Monday, May 10, 2010
Shrimp & Grits, Momofuku Style
Having spent equal parts of my life in the Southeast and the Northeast, I was eager to make the recipe for shrimp and grits from the Momofuku cookbook. Keeping the central components of the classic Southern dish intact while adding a small dash of New York edge, Momofuku's shrimp and grits achieves the right blend of North vs. South, something this blogger has been trying to achieve his whole confused life. As difficult as it can sometimes be to tame New York 'tude with Southern charm, David Chang shows that it's pretty easy to do so on a plate.
The hardest part about this shrimp and grits dish is sourcing the ingredients. I had the good fortune of finding Anson Mills grits--the same South Carolina grits that Momofuku and seemingly every other higher-end restaurant in America with a grits dish on its menu use--at Formaggio Essex in New York's Essex Street Market. It's worth it to search these grits out or splurge and order them online; they are the best grits out there, tasting as if the corn used to make them had been shucked just days before the grits were ground.
Aside from the grits, the only other ingredient you need to seek out is konbu, or dried kelp, that goes into the Bacon Dashi in which you boil the grits.

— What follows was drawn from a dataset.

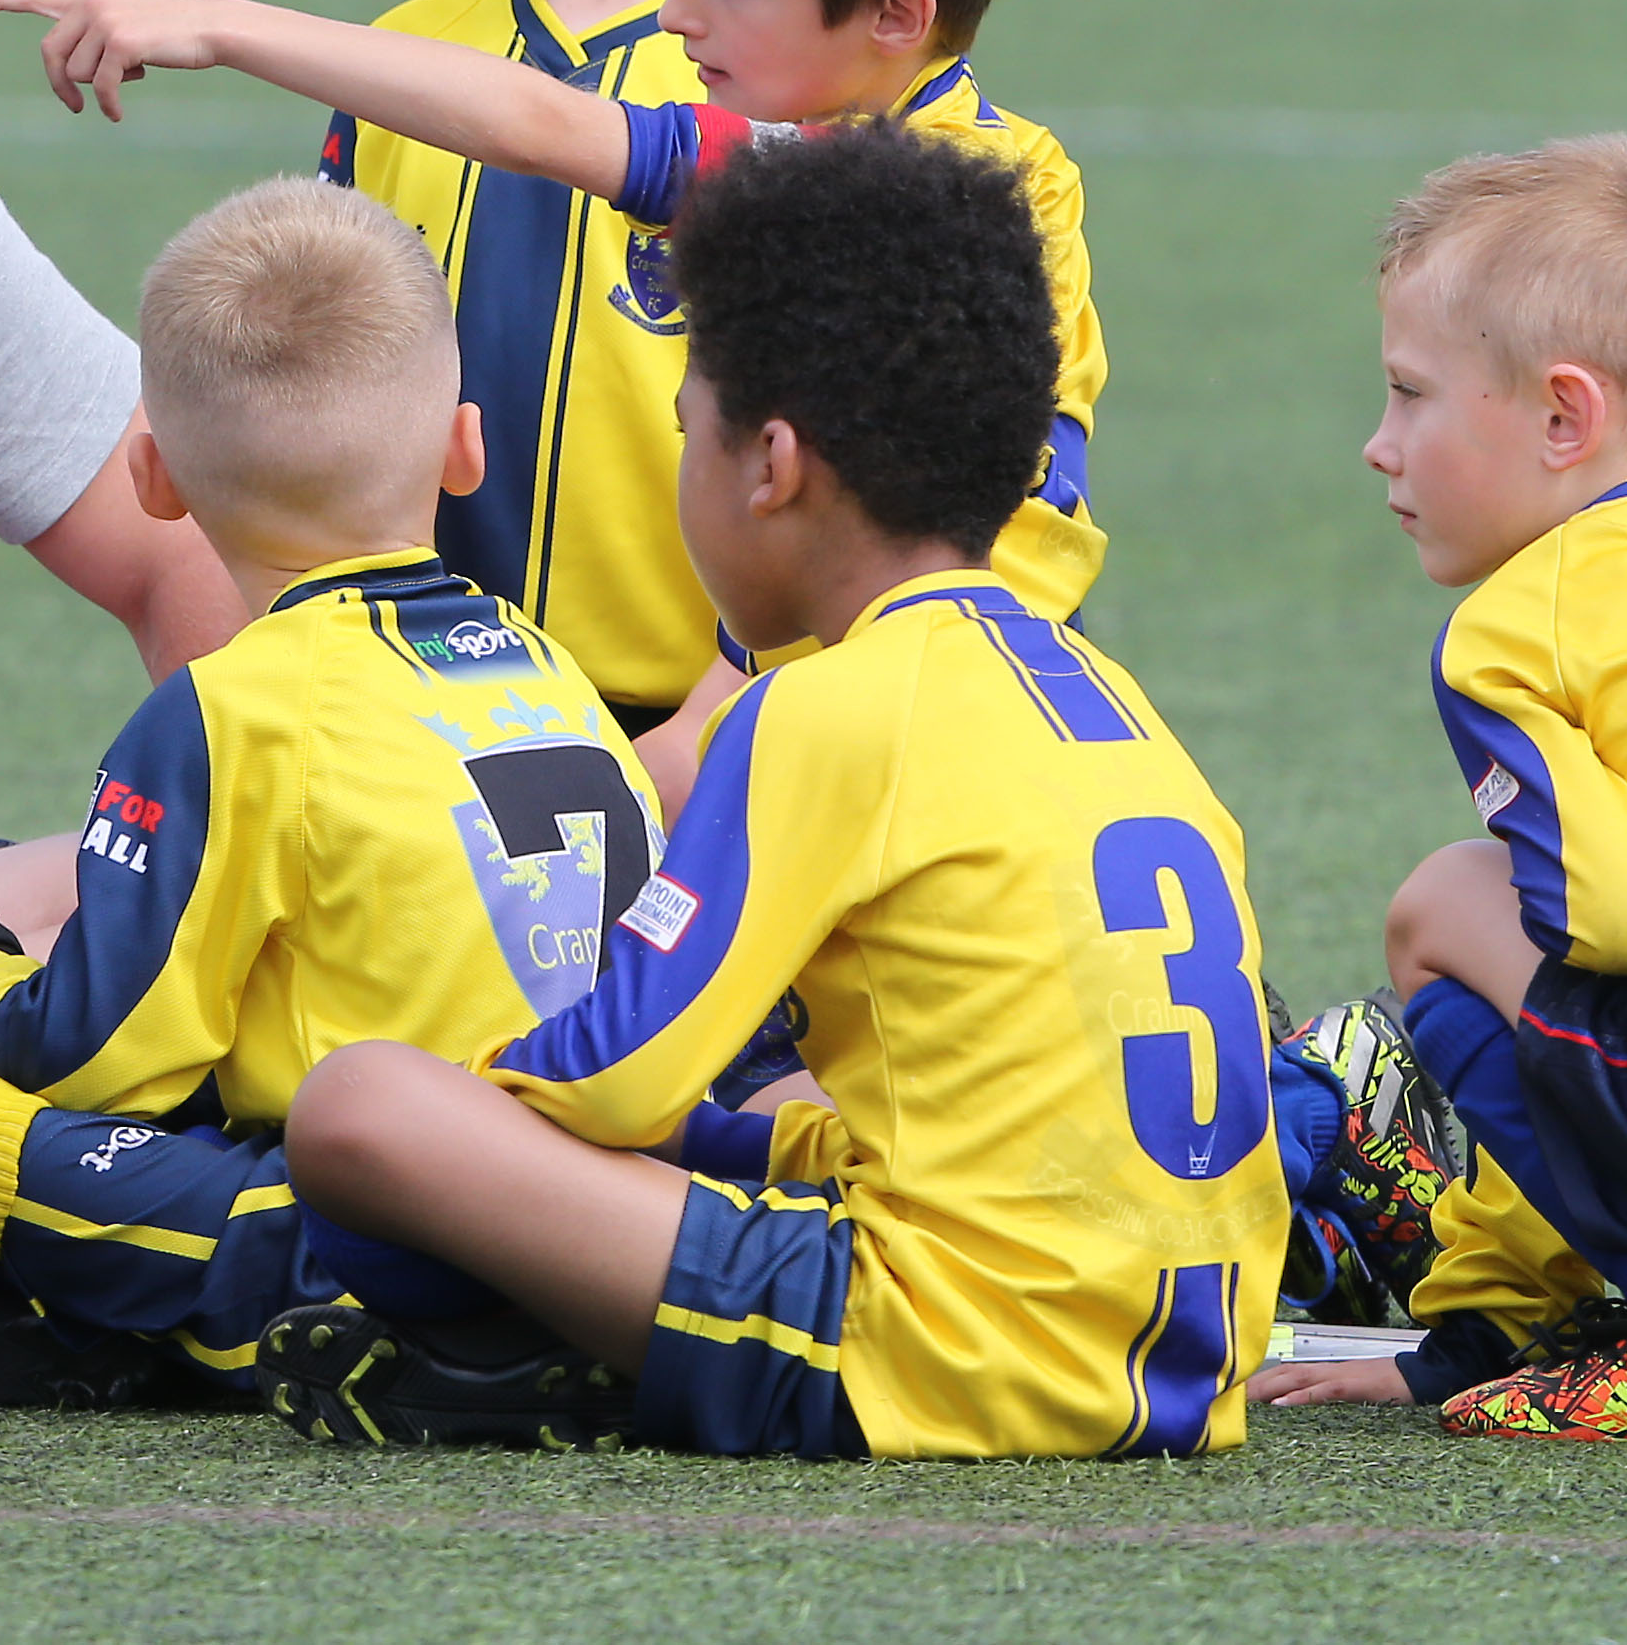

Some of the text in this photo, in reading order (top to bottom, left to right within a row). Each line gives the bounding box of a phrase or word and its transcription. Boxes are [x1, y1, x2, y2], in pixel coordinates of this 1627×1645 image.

Fortunately, New York has no shortage of Japanese markets that carry konbu, but if you can't find it, you should be able to get by with boiling the grits in chicken broth.
Ingredients and some splattering grits aside, this Momofuku's dish is easy to pull off. Boil the grits, stir in a stick of butter (I didn't say this was healthy), cook the bacon, sautè the shrimp, poach some eggs, and stir it all together with a few splashes of soy sauce and some scallions and you have an excellent, North-meets-South-meets-Far-East meal.